Sheesh. Sounds pretty dire, doesn’t it? Yet according to Leiserowitz, who studies risk perception and decision-making as director of the Yale Project on Climate Communication, only 16 percent of Americans are alarmed enough to want to get moving on solutions. Almost 30 percent are concerned, but think we’ve got plenty of time to figure this out. A quarter of us are cautious fence-straddlers. Eight percent are disengaged from the issue, with another 8 percent dismissive of the problem. But the latter 8 percent – which embraces everything from an oil industry skeptical of the scientific data to creationists who believe that a God-centered nature sorts out itself – is highly effective, Leiserowitz says, in communicating its opposition.

Which begs the question: Does global warming have a PR problem? It’s not a superficial consideration. People learn through storytelling, whether visual or verbal and written, mostly verbal and written. It’s one of the first demands children make of their parents: “Tell me a story.” And in a 24/7 information age of Instagram and the Twitterati, he who seizes and drives the narrative, controls public opinion.

Ottinger acknowledges that global warming, or climate change, has a public relations problem. But there’s more to it than that, he says.

“We’re a very present-oriented society and we don’t act on long-term consequences well enough.”
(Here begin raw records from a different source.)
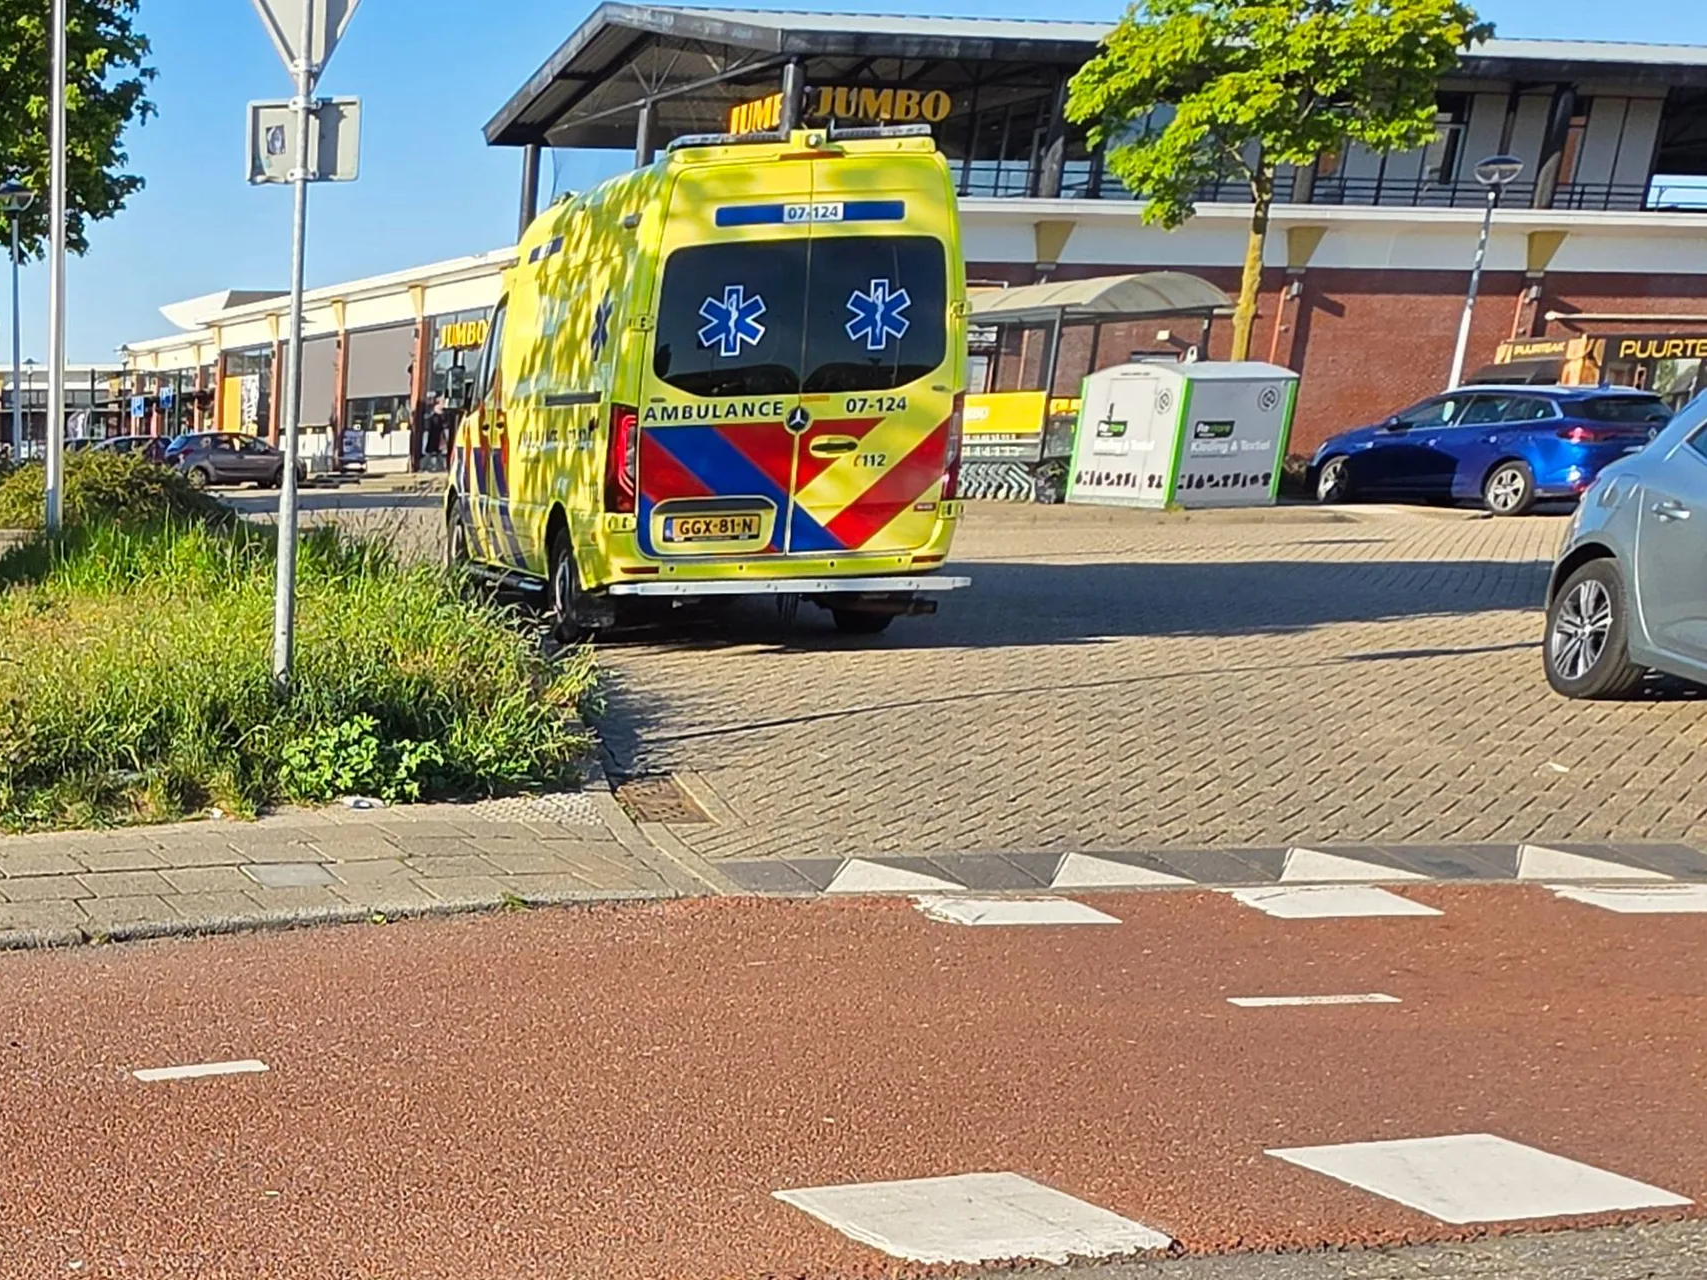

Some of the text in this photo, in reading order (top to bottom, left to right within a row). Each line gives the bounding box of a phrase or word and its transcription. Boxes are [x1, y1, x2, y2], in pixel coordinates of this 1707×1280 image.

[811, 86, 951, 122] JUMBO
[730, 92, 784, 136] JUMB
[788, 205, 838, 220] 07-124
[439, 319, 488, 348] JUMBO
[644, 401, 784, 421] AMBULANCE
[846, 397, 907, 413] 07-124
[863, 454, 886, 467] 112
[679, 518, 753, 535] GGX-81-N
That’s reflected in the 30 percent in Leiserowitz’s data who are concerned but, like Scarlett O’Hara, will think about it tomorrow. Besides, they have more immediate concerns – the economy, immigration reform, gay marriage, North Korean nut-job nuke threats, what Kim Kardashian should do about her weight gain, etc.

Then, too, Ottinger adds, “it’s such a huge problem” – global warming, not Kim’s weight – “that people say, What can I do?”
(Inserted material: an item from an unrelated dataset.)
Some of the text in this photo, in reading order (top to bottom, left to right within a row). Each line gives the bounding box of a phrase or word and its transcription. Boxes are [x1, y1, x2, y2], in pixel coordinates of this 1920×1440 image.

Right, I mean, if scientists say it’s inevitable, what’s the point?

Except that it’s not too late to stop compounding the problem. On the Moyers’ program, Leiserowitz talks about the acid rain problem, which was solved by a cap-and-trade system in which the amount of sulfur dioxide emitted from smokestacks was capped over time, with efficient companies selling their emission rights to companies that needed more time to meet the standard.

But it’s not just a case of Congress or corporations acting. Ottinger says individuals can drive more fuel-efficient cars, insulate their houses and invest in renewable energies like wind and solar. He himself is using geothermal energy with an upfront cost of $30,000 that will pay off in 10 years.

Yet in a fragile economy, the last thing people might want to hear is the cost of a problem that appears abstract, amorphous, faraway or even nonexistent. A recent proposal by the Obama administration to reduce sulfur emissions in gasoline was met by a range of possible price increases (1 to 9 cents a gallon) and an equal array of public opinions – although according to Leiserowitz, two-thirds of Americans believe that environmental protection either has no ill effect on the economy or actually helps it.

So if this is not about money, then what? Maybe it’s about the need for a grassroots movement that would swell to Washington, D.C., like the civil rights’ and women’s movements, Leiserowitz suggests. Maybe it’s about women – the social fabric of our world, as Anna Quindlen once described them – banding together, the way they’ve done to change the culture on breast cancer and drunk driving. Or maybe it’s a case of an idea whose time has come.

There’s change in the air, and we’re not talking just climate change. This past winter, President Barack Obama discussed the environment in his inaugural address and State of the Union speech. Recently elected Pope Francis – who took the name of ecology’s saint – has stressed the importance of nurturing nature from day one.

If not now, when? If not us, who? Otherwise, with those polar ice caps dripping, instead of “blah, blah, blah,” we may be saying, “blub, blub, blub.”